Jackson Hall’s renovation led to the history department being moved into Wilson Hall during the first two weeks of August. Chris Arndt, associate dean of the College of Arts and Letters and history professor, said this move has been beneficial for him and his department. 

When the renovations on Jackson Hall are complete, the justice studies department would move into the new space in the spring of 2021, Wyatt said. 

“The members of the department, as best as I could tell, were overjoyed by the spaces that they moved into in Wilson,” Arndt said. “It’s a spectacular space, and I suppose it’s the envy of many on campus.”

Jackson2

The renovations will be completed in the fall of 2020.

Leaks in the ceilings and issues with the HVAC system are among the problems that need fixing in Jackson Hall, Arndt said. He also said the women’s facilities aren’t accommodating to the number of women in the department. 
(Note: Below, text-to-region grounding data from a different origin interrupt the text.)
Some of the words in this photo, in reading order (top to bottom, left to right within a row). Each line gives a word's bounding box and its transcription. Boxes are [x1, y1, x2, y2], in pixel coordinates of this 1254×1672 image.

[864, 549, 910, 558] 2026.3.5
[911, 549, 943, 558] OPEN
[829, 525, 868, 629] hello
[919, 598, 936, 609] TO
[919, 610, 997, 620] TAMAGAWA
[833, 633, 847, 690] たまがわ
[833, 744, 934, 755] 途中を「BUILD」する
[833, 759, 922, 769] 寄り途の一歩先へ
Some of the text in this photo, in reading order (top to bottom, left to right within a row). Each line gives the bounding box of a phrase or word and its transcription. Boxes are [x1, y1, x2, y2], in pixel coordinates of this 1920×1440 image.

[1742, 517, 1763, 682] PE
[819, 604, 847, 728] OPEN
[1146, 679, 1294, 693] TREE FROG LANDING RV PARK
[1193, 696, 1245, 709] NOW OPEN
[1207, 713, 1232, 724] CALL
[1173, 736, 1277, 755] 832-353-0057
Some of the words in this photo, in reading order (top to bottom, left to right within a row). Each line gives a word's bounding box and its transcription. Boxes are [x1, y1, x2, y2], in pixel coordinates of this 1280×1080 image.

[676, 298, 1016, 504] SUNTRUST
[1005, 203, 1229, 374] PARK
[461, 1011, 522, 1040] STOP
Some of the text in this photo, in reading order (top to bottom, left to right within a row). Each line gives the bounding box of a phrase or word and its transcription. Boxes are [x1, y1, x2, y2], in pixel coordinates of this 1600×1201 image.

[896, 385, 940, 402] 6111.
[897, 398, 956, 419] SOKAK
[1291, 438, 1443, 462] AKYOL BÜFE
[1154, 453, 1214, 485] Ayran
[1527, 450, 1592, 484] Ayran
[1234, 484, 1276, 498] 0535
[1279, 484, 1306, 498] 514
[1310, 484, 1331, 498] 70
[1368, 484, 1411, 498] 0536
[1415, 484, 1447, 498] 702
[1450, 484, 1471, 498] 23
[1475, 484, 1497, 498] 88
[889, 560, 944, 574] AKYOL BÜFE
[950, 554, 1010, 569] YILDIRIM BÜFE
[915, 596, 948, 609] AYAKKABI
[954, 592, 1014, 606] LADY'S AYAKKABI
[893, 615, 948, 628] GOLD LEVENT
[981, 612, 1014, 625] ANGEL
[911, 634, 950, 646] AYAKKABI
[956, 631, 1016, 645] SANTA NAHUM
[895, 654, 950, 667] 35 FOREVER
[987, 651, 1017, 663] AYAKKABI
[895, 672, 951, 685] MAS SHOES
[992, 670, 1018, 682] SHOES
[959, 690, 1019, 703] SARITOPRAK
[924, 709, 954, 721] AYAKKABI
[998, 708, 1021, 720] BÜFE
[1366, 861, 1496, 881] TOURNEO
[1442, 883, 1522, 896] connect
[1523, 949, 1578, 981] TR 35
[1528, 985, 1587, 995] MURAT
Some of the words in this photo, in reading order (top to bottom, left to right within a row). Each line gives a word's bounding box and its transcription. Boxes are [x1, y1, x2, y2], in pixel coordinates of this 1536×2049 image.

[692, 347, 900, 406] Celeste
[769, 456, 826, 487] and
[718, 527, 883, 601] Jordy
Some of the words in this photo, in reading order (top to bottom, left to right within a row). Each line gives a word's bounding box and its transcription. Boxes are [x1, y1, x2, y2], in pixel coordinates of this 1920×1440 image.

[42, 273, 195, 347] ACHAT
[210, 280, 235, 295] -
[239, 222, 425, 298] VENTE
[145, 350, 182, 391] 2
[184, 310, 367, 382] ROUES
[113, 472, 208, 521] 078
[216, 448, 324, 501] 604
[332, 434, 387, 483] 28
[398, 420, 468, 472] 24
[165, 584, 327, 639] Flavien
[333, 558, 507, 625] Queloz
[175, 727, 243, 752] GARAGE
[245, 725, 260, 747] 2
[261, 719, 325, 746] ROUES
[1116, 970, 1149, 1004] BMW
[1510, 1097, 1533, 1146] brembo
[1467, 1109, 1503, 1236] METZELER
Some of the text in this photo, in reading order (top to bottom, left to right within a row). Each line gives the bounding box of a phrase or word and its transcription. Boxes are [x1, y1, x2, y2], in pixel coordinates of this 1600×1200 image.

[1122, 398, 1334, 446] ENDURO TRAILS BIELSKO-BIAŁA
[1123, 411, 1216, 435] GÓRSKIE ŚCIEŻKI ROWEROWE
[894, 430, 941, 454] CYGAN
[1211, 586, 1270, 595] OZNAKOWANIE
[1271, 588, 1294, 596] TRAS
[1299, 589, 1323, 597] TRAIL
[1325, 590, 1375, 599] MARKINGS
“I don’t know how much it got in the way of work, but it’s just having conditions that are appropriate for students to be in,” Arndt said. “Having climate control, there are some classes you would have to open the windows because it would get too hot some times of the year.”

As far as the justice studies department moving from Moody Hall to Jackson Hall, Glenn Hastedt, justice studies department head and professor, said the move will be “advantageous” for him and his department. He expressed that renovations on Jackson Hall will allow for all the offices to be on the same floor with open spaces that’ll provide students with space to interact with each other between classes, which is something that Moody Hall doesn’t have. 

Wyatt said it is still not clear who will move into Moody Hall after the renovations on Jackson Hall, but he said it will probably be another academic department. 

“The layout of Moody Hall is an old dormitory, so it definitely needs to be restructured to make it more suitable for today’s academic setting,” Hastedt said.

Hastedt said Moody Hall is the perfect size for the whole justice studies department to be together, whereas, in Wilson Hall, three or four different departments fill the space. Even though Hastedt said Moody Hall has constraints, he’s still pleased with the time it’ ill take to reconstruct Jackson Hall. 

“The building is scheduled to be finished and for us to move in, in fall of 2020, so it’s going to go pretty quickly,” Hastedt said. “You can’t do it much quicker than that.”